A nurse came in who hadn’t seen me before. I didn’t even noticed here. She immediately called all the doctors together, but there was no eye specialist. She saw the TV videos of the Kobanê liberation. How the comrades were hoisting the seven-metre-long flag. How the people were gathering together all over the hill of Miştenûr. The doctor looked at me, then at the TV and then back at me until he switched off the TV and gave me a relaxing injection. I fell asleep for quite a while and only opened my eyes again after a long sleep.

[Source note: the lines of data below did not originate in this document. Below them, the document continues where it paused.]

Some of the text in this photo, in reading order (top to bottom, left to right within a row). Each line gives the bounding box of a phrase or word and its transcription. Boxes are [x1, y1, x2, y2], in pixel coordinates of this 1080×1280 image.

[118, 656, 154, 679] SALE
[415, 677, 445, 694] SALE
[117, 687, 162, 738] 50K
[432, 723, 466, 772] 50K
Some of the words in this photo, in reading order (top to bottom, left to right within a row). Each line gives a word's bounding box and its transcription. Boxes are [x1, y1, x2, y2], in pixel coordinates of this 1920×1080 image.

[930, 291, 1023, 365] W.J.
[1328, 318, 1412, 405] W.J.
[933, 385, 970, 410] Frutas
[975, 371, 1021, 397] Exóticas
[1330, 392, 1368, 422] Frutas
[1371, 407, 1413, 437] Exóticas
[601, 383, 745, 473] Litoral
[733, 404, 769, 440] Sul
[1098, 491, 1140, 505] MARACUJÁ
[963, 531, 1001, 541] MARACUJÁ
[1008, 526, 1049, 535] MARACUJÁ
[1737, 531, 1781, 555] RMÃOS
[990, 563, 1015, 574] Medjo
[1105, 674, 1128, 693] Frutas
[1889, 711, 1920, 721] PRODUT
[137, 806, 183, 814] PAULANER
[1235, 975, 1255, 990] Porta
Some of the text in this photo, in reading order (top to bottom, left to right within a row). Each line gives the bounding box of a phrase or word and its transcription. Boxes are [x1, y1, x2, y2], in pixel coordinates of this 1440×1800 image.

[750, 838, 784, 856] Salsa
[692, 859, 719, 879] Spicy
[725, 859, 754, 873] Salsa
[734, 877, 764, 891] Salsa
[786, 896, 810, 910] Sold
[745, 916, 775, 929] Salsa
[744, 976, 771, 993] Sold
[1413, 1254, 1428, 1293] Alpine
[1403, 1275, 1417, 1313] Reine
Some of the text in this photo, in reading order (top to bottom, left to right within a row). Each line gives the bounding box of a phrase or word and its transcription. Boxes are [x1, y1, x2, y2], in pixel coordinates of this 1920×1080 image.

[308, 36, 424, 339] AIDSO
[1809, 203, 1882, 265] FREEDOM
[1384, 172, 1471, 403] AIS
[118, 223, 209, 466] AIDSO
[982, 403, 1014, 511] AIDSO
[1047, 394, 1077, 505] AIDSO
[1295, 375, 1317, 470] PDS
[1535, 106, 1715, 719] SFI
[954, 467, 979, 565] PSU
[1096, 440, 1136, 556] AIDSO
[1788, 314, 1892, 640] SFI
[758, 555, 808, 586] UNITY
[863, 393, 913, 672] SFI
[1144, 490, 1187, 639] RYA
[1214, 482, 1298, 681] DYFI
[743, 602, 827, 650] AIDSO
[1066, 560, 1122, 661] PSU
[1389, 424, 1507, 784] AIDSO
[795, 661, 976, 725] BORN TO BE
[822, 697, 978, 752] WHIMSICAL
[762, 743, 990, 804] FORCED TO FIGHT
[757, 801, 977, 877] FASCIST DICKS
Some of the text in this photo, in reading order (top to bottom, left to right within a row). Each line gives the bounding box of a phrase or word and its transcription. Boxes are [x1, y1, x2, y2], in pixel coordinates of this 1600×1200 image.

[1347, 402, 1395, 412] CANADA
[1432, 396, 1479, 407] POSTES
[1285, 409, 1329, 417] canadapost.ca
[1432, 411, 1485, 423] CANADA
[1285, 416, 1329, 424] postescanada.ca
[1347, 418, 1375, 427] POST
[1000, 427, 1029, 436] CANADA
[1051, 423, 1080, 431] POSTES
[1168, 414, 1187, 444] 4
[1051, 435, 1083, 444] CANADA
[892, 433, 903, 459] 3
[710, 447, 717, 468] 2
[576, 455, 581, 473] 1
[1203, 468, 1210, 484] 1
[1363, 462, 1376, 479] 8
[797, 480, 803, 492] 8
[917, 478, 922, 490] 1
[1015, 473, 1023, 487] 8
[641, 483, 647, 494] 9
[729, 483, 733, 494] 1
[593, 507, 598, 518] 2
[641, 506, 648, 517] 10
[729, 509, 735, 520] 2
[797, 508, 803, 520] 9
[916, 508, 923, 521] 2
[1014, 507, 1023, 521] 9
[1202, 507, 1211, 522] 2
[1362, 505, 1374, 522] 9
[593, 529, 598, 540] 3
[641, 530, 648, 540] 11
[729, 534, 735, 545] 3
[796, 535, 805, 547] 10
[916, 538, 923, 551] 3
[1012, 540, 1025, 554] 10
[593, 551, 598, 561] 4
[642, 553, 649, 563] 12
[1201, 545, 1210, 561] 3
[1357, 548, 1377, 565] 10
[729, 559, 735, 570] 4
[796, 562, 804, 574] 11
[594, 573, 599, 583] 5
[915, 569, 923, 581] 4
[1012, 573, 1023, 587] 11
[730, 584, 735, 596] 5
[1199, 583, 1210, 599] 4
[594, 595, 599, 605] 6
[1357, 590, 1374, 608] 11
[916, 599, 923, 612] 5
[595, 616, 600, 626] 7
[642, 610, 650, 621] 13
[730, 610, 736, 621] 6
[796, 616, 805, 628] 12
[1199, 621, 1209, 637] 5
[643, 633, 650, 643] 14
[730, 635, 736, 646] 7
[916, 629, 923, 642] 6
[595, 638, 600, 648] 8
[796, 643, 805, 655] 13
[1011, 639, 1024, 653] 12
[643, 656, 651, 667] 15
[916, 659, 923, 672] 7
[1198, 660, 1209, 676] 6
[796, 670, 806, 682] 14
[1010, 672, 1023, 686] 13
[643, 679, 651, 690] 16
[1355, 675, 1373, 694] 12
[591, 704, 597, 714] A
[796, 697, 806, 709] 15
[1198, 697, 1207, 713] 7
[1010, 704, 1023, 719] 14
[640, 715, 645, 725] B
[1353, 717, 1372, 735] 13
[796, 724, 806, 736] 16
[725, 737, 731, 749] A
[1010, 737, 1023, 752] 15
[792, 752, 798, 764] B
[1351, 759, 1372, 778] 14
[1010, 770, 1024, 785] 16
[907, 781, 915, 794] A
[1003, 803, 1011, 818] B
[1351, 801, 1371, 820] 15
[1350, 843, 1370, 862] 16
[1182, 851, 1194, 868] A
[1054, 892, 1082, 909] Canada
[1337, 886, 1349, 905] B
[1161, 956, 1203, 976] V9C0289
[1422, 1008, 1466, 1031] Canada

When I woke up again, I immediately said: “Switch the TV back on”. I had calmed down a bit. It’s not easy for a person to express such feelings, what I had been through is not something that can really be told. And I think what I was going through at that moment was something I had never experienced before in my whole life.
That’s how it was. After that, I came back to Kobanê. I would like to tell you a bit more about Şehîd Deştî, Şehîd Azê, Şehîd Serbest, Şehîd Xemgîn, Şehîd Nûda, Şehîd Nefel, Şehîd Zîn Sanzu, Şehid Hamze, Şehîd Berîtan, Şehîd Feyzal (Abû Leyla), with whom I was together for a long time, Şehîd Ebdu and all the others. I would like to tell you a bit more about all of them afterwards.
Because all these comrades were such dear friends. Şehid Hebûn Derîk, Şehîd Özgür, with whom I was at a meeting, Heval Çekdar, and there are really thousands of them, the comrades from the society who fought with us, we can tell you much more about all of them individually and remember them. But this is what I can tell you for now.